There is the usual share of volatility making it rough going for airlines as this year’s WTM approaches. When exactly a particular challenge will rear its head isn’t predictable, but what is clear is that only the fittest will survive the harshest shocks.
At the time of writing there are a whole host of challenging topics on the agenda for the world’s airlines. Traffic to Asia has been hit by the backdrop of US- China trade tension and demand for some carries to China has softened. Specifically, the political protests in Hong Kong have taken their toll on traffic, with tourism down by a massive 40% and home carrier Cathay Pacific seeing a similar reduction in demand. In particular Cathay has reported a significant drop in premium traffic which has the biggest negative impact on the bottom line. It has announced drastic action to stop the haemorrhaging with significant capacity cuts to its flight schedule in the coming months.
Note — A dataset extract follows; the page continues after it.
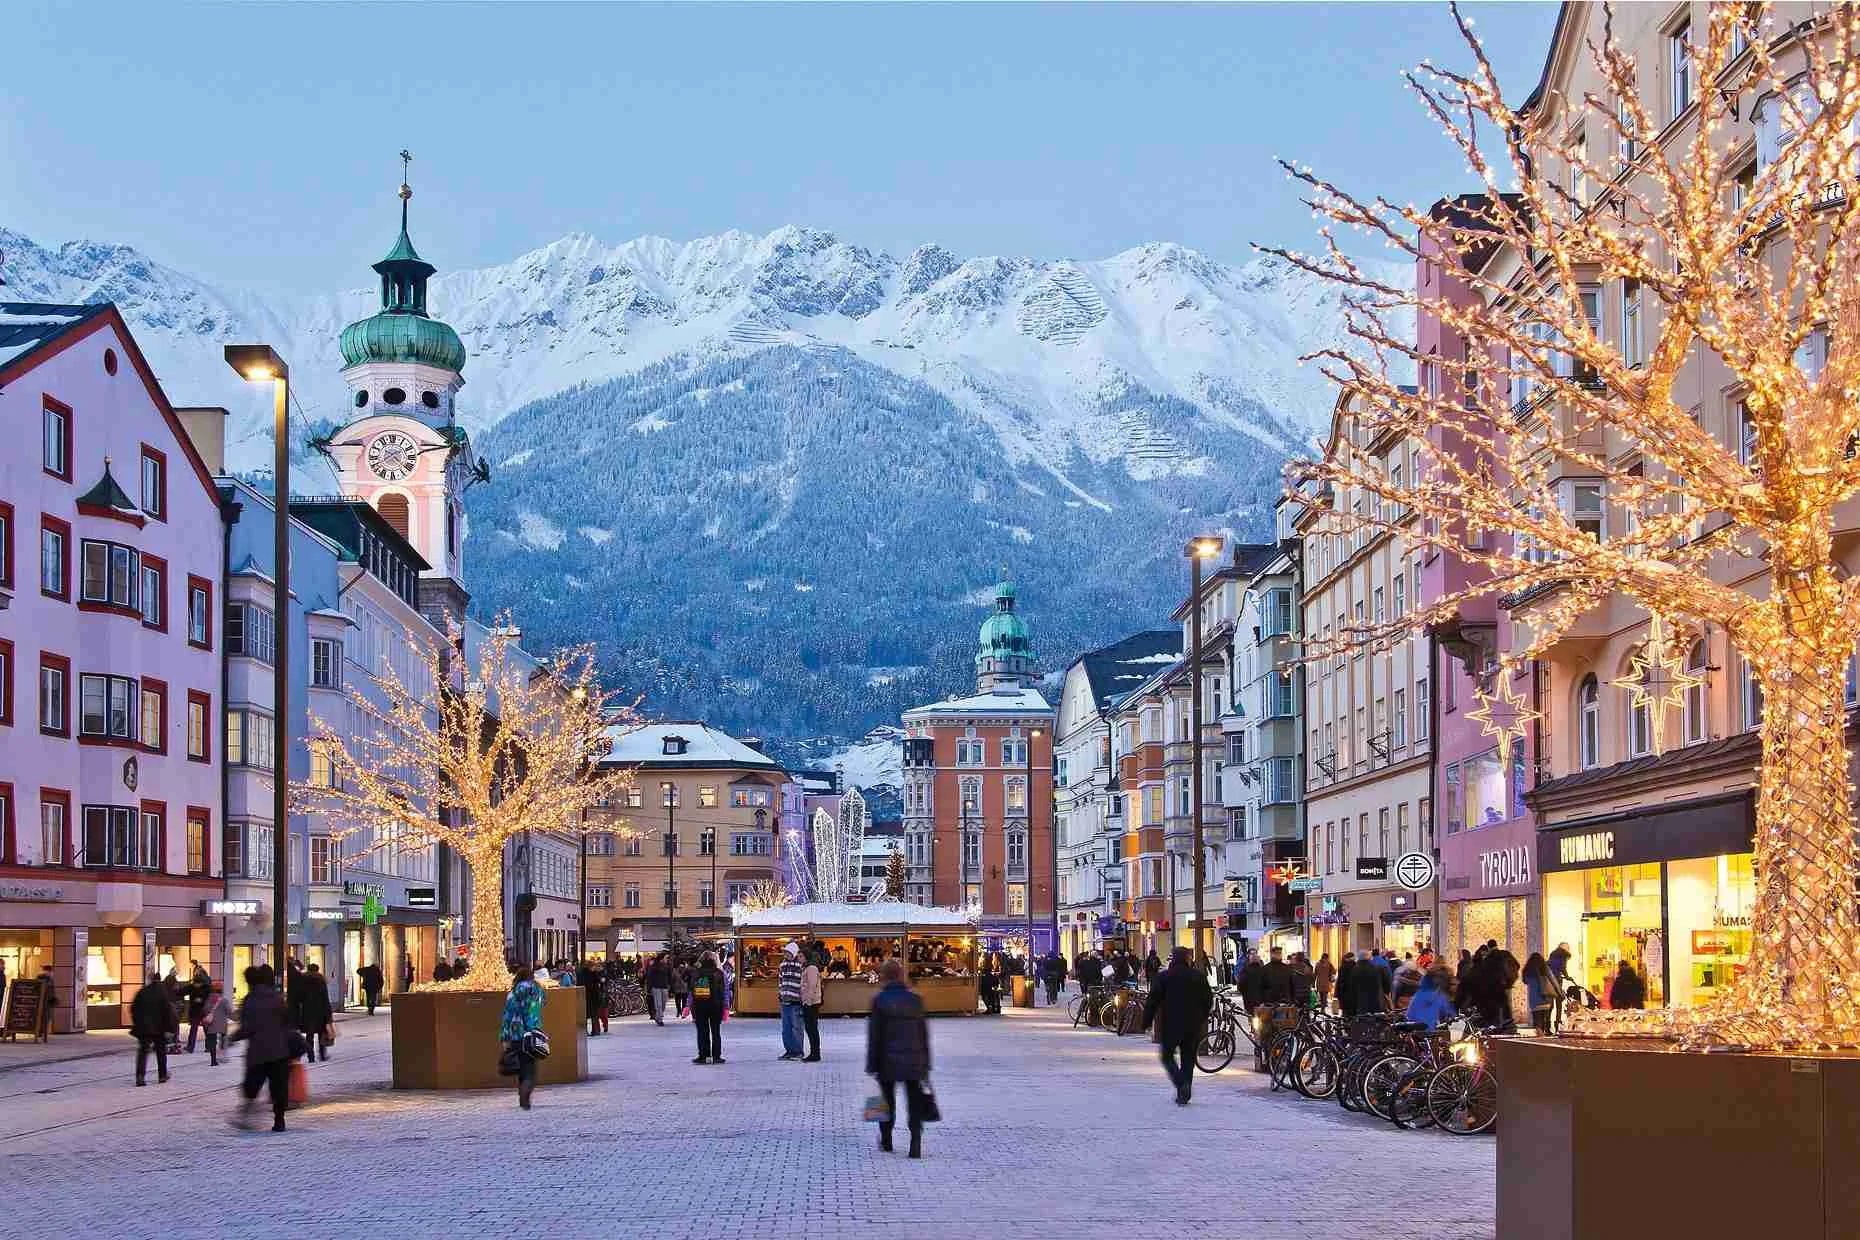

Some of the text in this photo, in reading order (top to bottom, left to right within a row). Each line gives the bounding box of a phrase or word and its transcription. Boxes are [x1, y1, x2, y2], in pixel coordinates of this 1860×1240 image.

[1560, 831, 1614, 864] HUMANIC
[1359, 867, 1384, 876] BONITA
[1479, 845, 1531, 888] TYROLIA
In Europe we’ve seen self inflicted wounds with pilot strikes at Ryanair and British Airways. Both airlines are highly profitable and their respective pilot forces see this as opportunity to negotiate for better terms and a bigger slice of the pie. The challenge for the managements of these airlines is to explain the need to have cash in the bank to weather the kind of storms which Cathay is facing and which can bleed millions of dollars in no time, whilst recognising the importance of a professional and motivated workforce. Added to this is the need to fund investment in new aircraft, with both Ryanair and British Airways having large orders outstanding.
The recent attack on an important Saudi oil refinery has seen a spike in oil prices, meaning that airlines face higher fuel costs, an almost certain guarantee that some will be pushed to failure as we’ve witnessed with many weaker airlines, lacking strong cash reserves, over the last year or so. There are worrying macro economic trends too, with hints of a recession round the corner and Brexit continuing to weigh heavily on the minds of many airlines. There’s evidence of slowing demand in the U.K. market as the pound weakens against both the euro and the dollar.
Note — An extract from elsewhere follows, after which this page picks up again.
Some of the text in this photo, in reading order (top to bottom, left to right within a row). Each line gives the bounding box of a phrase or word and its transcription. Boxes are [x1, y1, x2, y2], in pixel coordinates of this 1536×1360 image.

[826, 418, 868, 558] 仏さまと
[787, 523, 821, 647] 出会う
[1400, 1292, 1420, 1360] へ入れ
Still there are areas of brightness as well managed airlines succeed in triumphing over adversity and continue to innovate and test out new products and services. Our two airline guests this year are good examples of this. Virgin Atlantic, an airline seeking to return to the black, finds itself under new ownership with founder Sir Richard Branson now a minority shareholder and major airline groups, Delta and Air France KLM the majority owners. Since the start of the year the airline has a new CEO, Shai Weiss and he will be my keynote interviewee as part of the meet the leaders programme. I’m looking forward to exploring with him his plans to turn the airline around. He has a lot on his agenda with Virgin taking delivery of new long haul aircraft, acquiring short haul U.K. airline Flybe, launching new routes and with big ambitions to grow at Heathrow when the third runway comes on stream. I’ll be armed with plenty of questions for him when he’s in the hot seat and if there’s anything you’d like me to ask in the interview then let me know!
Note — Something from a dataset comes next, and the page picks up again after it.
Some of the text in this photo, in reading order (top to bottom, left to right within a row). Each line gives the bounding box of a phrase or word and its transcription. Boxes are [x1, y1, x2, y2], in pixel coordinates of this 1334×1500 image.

An airline which is going from strength to strength despite all the challenges is Wizz and CEO Jozsef Varadi is my other airline guest this year. I first interviewed him at the WTM five years ago but since then Wizz has become a much larger player delivering very impressive levels of profitability. It’s a very interesting airline which I sometimes call the “Ryanair of the east ” due to its rigorous and disciplined focus on low costs and it’s primarily Eastern European geographic focus. However more recently, in the context of Brexit, Wizz obtained a UK operating license and has established a base at London Luton airport. It’s also shifting focus to some none Eastern Europe markets , flying from Luton to, for example , Iceland and a number of Mediterranean destinations. We can expect it’s reach to continue to grow as it has a massive outstanding order for over 250 new Airbus aircraft.
It’s always interesting to learn about the leadership styles and strategies of different airlines and I believe the two interviews we have lined up are going to be no exception. I’m excited and I hope you’ll join me for these two sessions, but get there early, space is limited!